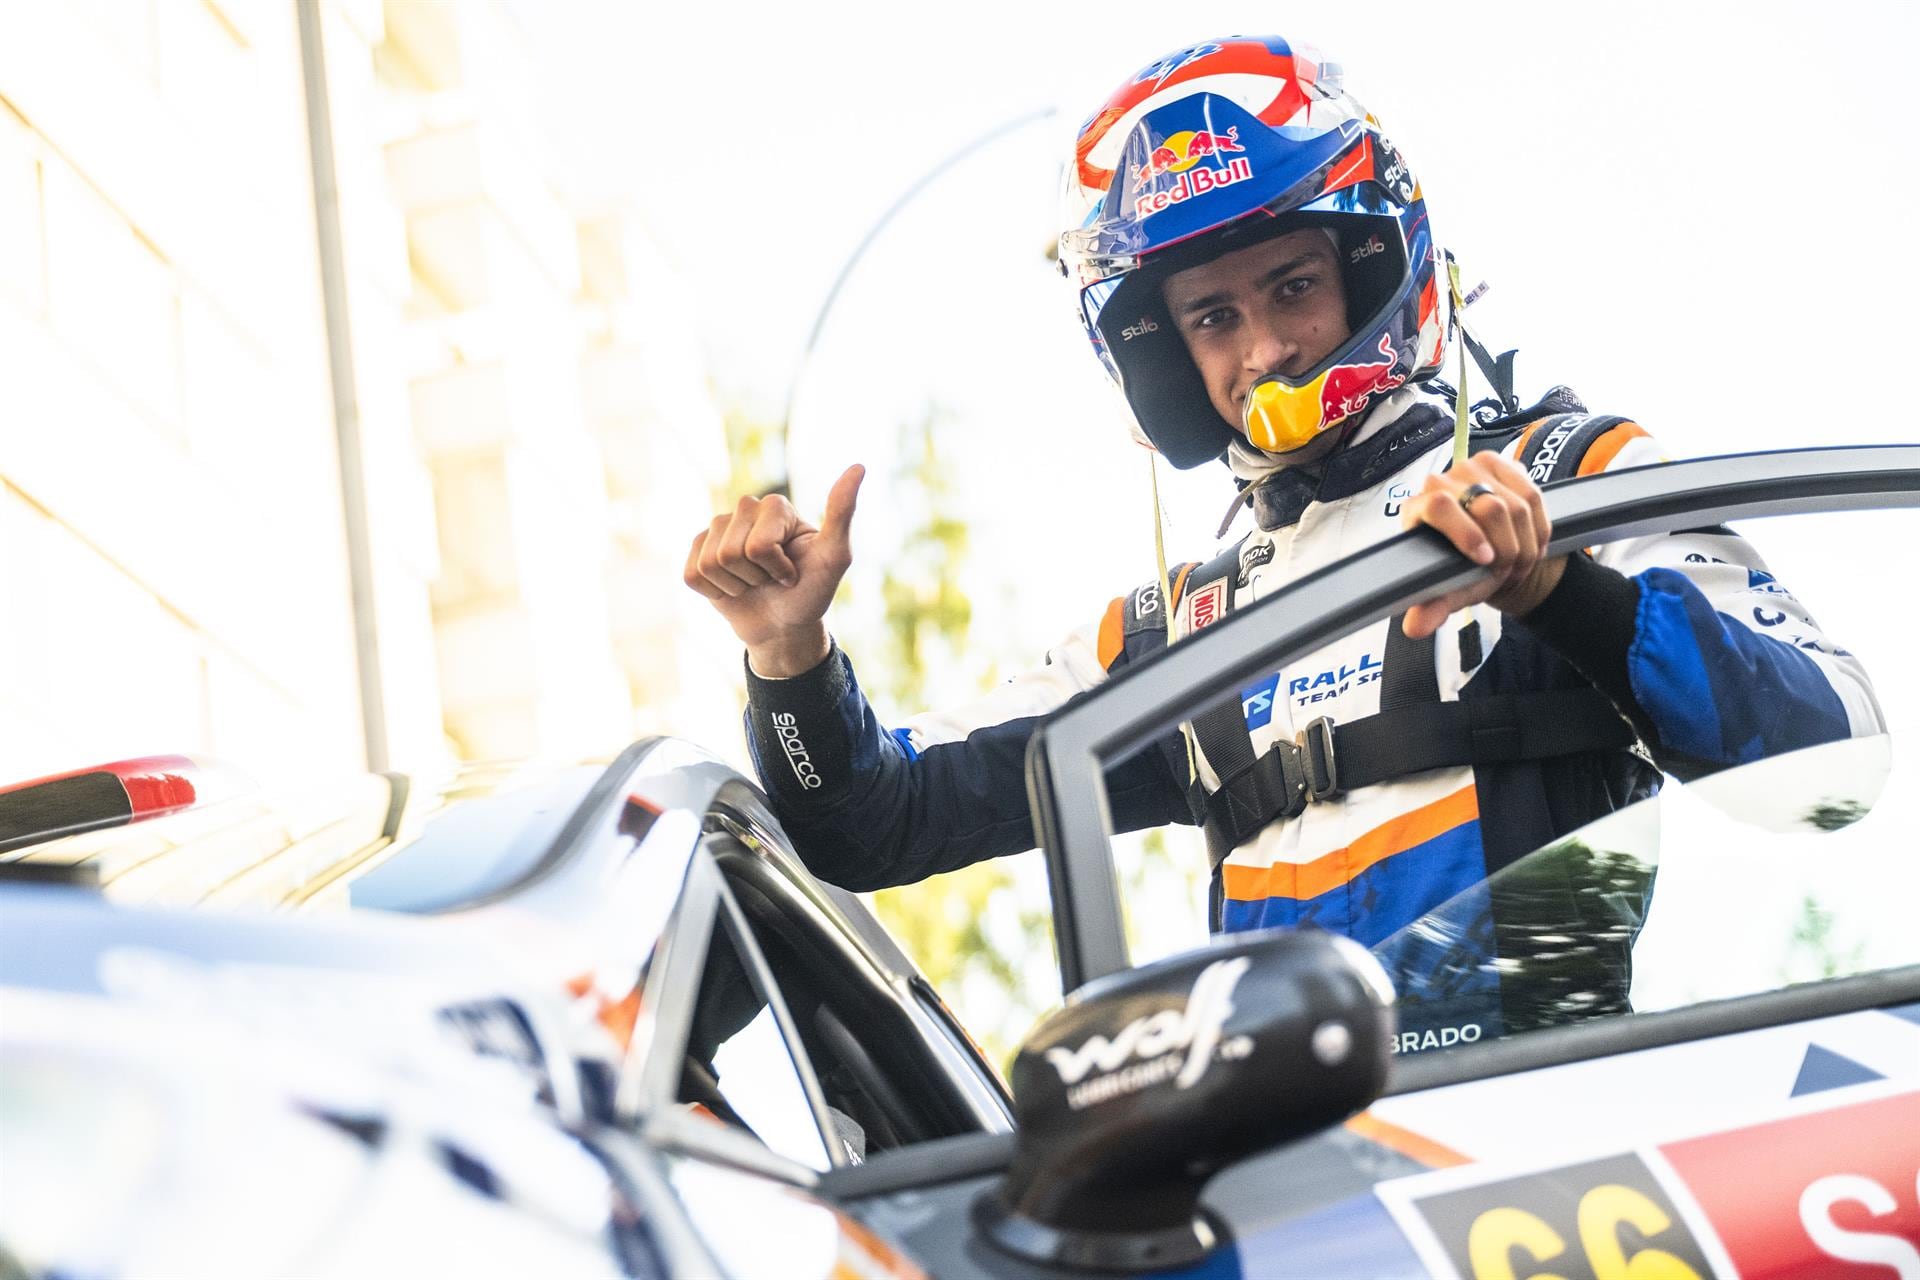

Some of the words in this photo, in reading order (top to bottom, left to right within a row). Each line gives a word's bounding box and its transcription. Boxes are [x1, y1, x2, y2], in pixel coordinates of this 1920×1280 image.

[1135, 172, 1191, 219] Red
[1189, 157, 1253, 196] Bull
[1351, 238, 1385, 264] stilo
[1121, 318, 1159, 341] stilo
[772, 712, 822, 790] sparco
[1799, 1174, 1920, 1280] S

- - - -

» What you should do
What is needed is an exact output of the records above, with every picture left out.

» Answer below
Some of the words in this photo, in reading order (top to bottom, left to right within a row). Each line gives a word's bounding box and its transcription. Boxes are [x1, y1, x2, y2], in pixel coordinates of this 1920×1280 image.

[1135, 172, 1191, 219] Red
[1189, 157, 1253, 196] Bull
[1351, 238, 1385, 264] stilo
[1121, 318, 1159, 341] stilo
[772, 712, 822, 790] sparco
[1799, 1174, 1920, 1280] S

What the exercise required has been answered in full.